So, we are officially into spring and leaving March behind. While it’s been a miserable winter for anybody above the Florida/Georgia border, it has been a relatively mild winter for those of us who reside in the Sunshine State. Although it was a mild one, I still say good riddance Old Man Winter and hello spring time. Good bye jeans and sweatshirts, hello flip flops and board shorts (or bikinis if you’re a fishin’ chick reading this). The warmer temperatures also trigger the northern migration of the blue-hairieus snowbirdicus, also known as the trafficus stoppicus maximus. That combined with the culmination of both Spring Break and Bike Week should allow things on the Beach to return to relative normal. That being said, it’s time to do some serious offshore fishing.
All in all, for a March, last month was a pretty good one. Sometimes, the the March winds can blow all month and ruin any attempts to get offshore. Fortunately, that didn’t happen too often and there were a fair amount of fishable days.
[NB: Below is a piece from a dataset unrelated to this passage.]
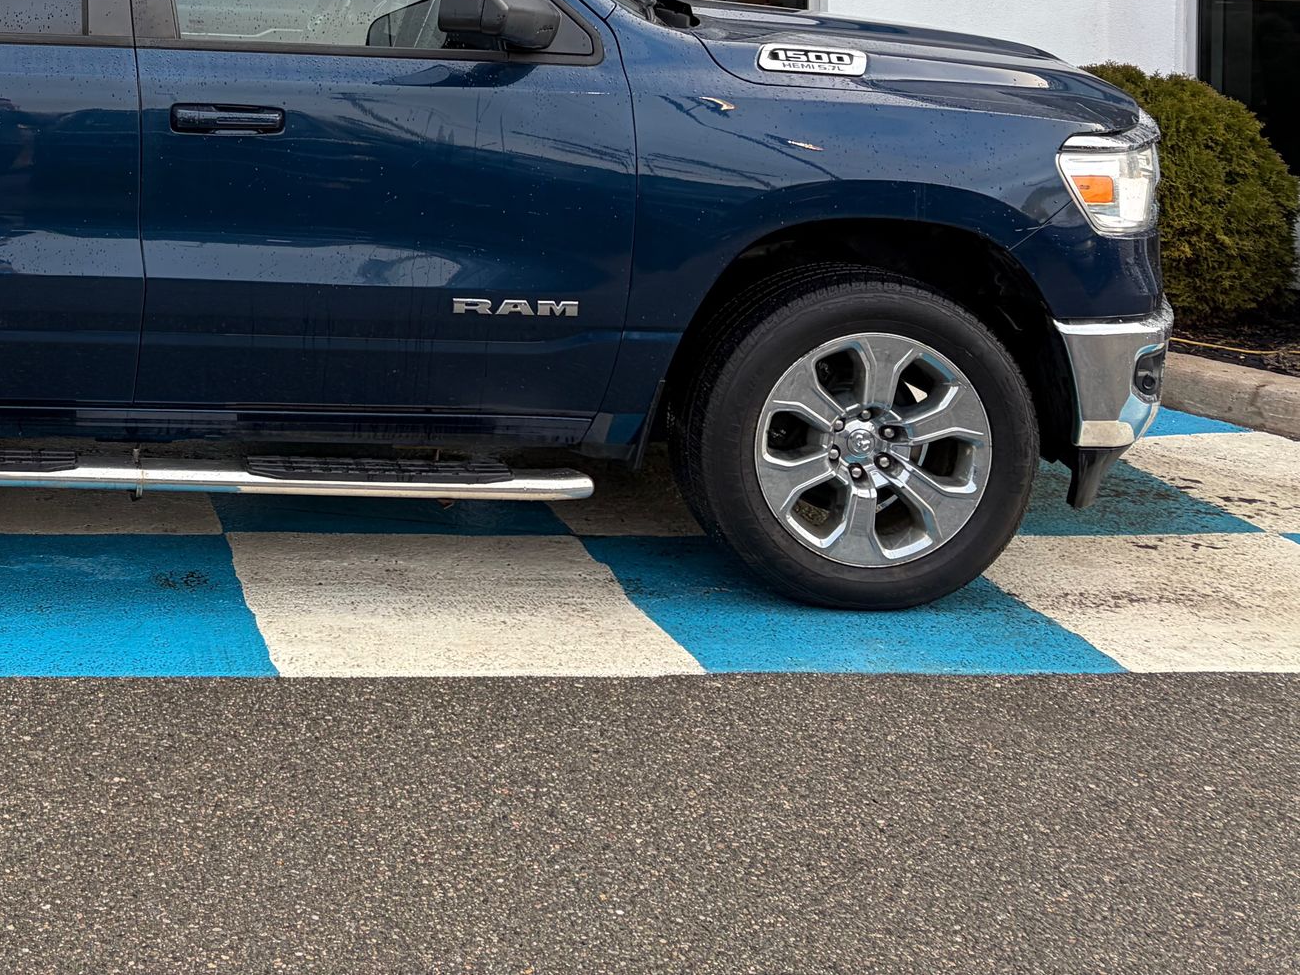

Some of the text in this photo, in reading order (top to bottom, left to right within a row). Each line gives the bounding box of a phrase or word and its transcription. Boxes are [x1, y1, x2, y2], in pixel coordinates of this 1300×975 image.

The shining star of last month would have to be the amberjack. They were concentrated on a couple of the deep wrecks, but there were a couple good schools that wanted to bite on a regular basis. The size of the fish varied from day to day. Some days, they were smaller, just-keeper sized fish and other days, they were larger fish from 35 lbs up to over 60.
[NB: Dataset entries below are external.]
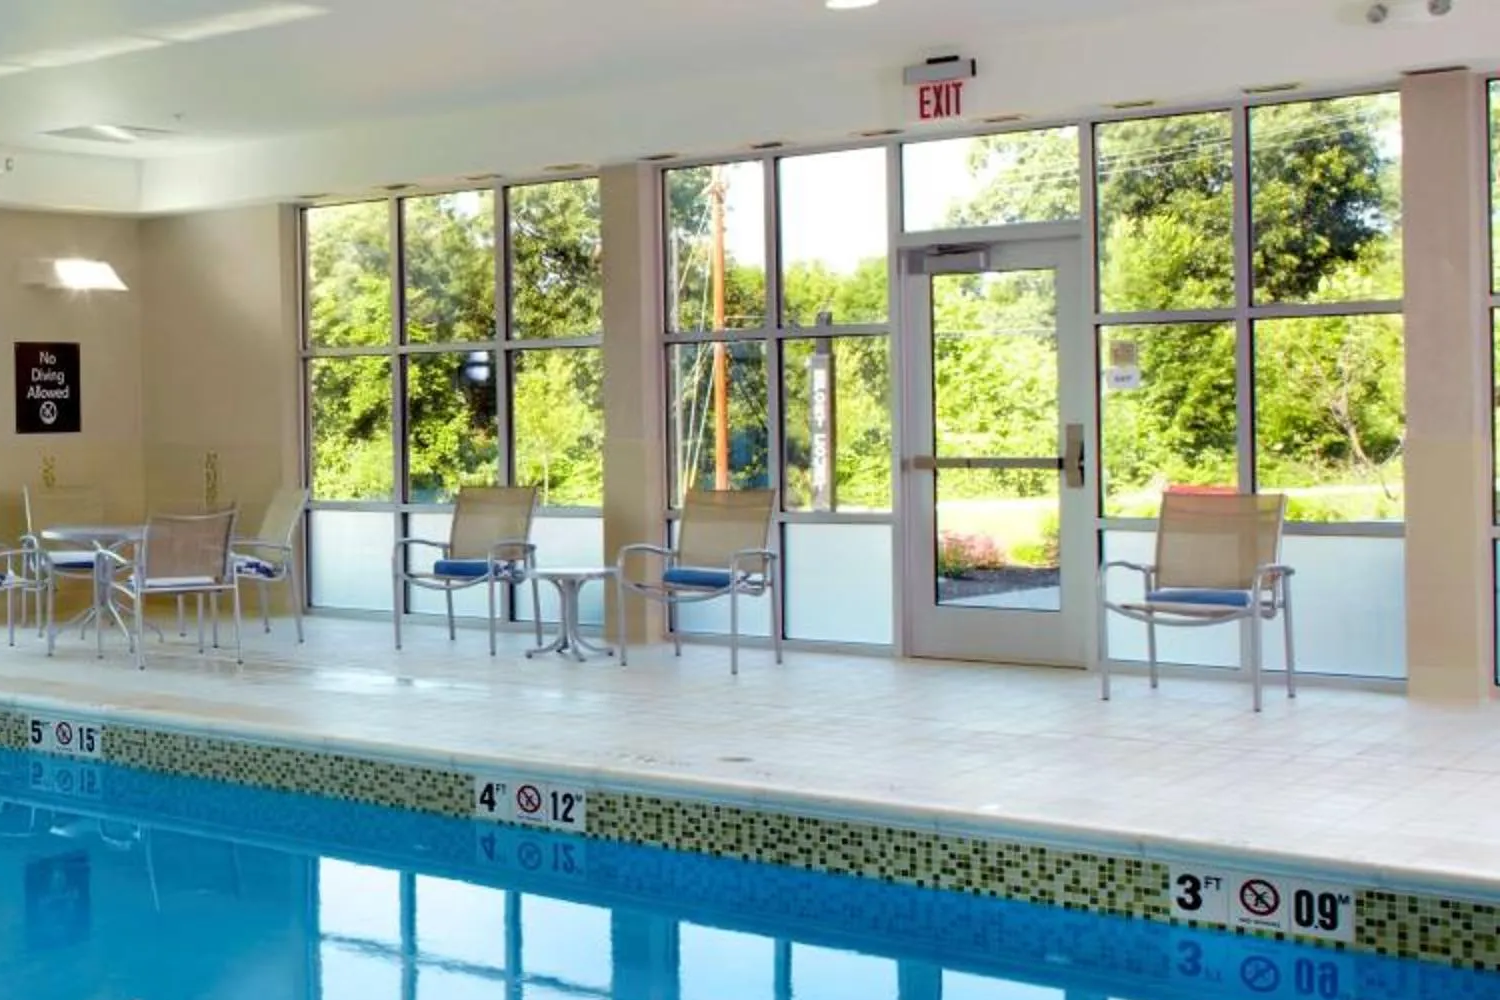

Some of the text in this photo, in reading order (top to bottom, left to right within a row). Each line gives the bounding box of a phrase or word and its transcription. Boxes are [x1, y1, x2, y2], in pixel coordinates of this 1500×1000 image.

[919, 82, 963, 119] EXIT
[39, 351, 56, 365] No
[31, 367, 65, 385] Diving
[26, 385, 70, 399] Allowed
[31, 719, 43, 744] 5
[480, 783, 496, 812] 4
[1176, 874, 1202, 911] 3
[1204, 876, 1223, 891] FT
Fingers crossed, this will continue into April. The ajs typically spawn in April, so there will hopefully be a fresh influx of more fish into the existing schools. If you plan on fishing for them, make sure you bring plenty of large live baits. Generally, the larger baits will catch larger fish. They may fall prey to jigs, but just like live bait, the barracudas may be a problem. And it’s more cost effective to lose a 50 cent hook than a $25 Shimano jig!
The mahi mahi or dolphin (fish not Flipper) made a decent showing last month too. Also with the dolphin were a few sailfish and an occasional blackfin tuna. The catches weren’t anything crazy, but if you trolled for a couple hours, you probably had a few bites.
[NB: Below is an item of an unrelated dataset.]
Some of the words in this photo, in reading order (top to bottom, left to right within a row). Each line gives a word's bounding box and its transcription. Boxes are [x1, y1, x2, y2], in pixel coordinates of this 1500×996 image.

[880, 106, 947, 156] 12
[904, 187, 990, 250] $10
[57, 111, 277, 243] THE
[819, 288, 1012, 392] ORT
April is commonly the month we expect to see the start of the dolphin run. Hopefully, the trickling of fish we saw last month was just the tip of the iceberg and we will start seeing the numbers that make people start getting boats and gear ready to roll. Like always, the fish should be concentrated near weedlines, rips, edges, temperature breaks and flotsam. Combine one or more of the aforementioned and your odds go up exponentially. Once a suitable area is found, the standard naked ballyhoo rigged on mono and the ballyhoo/lure combos should dominate the spread. You can expect to gets bites from mahi, sails, blackfins and maybe a wahoo. You may also catch a barracuda or bonito or two.
You may want to save a bonito for the shark fishing on the beach. The bite was pretty good last month and should continue into April. A steak of bonito on the bottom could do the truck for a blacknose, finetooth, blacktip, lemon or sand tiger shark. You can find the sharks from the beach on out, usually associated with some sort of baitfish in the water.
So, catch a shark and save a tourist..
Or, catch a mahi and feed the family..
Either way, I’ll see ya on the pond.